- TASK DIRECTIONS
These records must be written out again exactly.

BEGIN RECORDS SUPPLIED

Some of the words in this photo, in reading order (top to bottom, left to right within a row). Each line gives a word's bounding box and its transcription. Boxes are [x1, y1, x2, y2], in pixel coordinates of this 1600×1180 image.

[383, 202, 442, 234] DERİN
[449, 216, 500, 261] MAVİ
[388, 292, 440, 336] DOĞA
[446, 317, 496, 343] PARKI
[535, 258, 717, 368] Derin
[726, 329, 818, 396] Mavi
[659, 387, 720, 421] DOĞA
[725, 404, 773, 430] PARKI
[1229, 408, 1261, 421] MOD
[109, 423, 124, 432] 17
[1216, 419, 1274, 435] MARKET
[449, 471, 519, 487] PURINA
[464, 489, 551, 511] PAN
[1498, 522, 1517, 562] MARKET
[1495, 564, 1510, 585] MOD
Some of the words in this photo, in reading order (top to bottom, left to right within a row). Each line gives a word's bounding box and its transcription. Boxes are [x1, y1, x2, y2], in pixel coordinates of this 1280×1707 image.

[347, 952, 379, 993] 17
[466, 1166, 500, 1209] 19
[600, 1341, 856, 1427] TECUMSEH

END RECORDS SUPPLIED

- OUTPUT
Some of the words in this photo, in reading order (top to bottom, left to right within a row). Each line gives a word's bounding box and its transcription. Boxes are [x1, y1, x2, y2], in pixel coordinates of this 1600×1180 image.

[383, 202, 442, 234] DERİN
[449, 216, 500, 261] MAVİ
[388, 292, 440, 336] DOĞA
[446, 317, 496, 343] PARKI
[535, 258, 717, 368] Derin
[726, 329, 818, 396] Mavi
[659, 387, 720, 421] DOĞA
[725, 404, 773, 430] PARKI
[1229, 408, 1261, 421] MOD
[109, 423, 124, 432] 17
[1216, 419, 1274, 435] MARKET
[449, 471, 519, 487] PURINA
[464, 489, 551, 511] PAN
[1498, 522, 1517, 562] MARKET
[1495, 564, 1510, 585] MOD
Some of the words in this photo, in reading order (top to bottom, left to right within a row). Each line gives a word's bounding box and its transcription. Boxes are [x1, y1, x2, y2], in pixel coordinates of this 1280×1707 image.

[347, 952, 379, 993] 17
[466, 1166, 500, 1209] 19
[600, 1341, 856, 1427] TECUMSEH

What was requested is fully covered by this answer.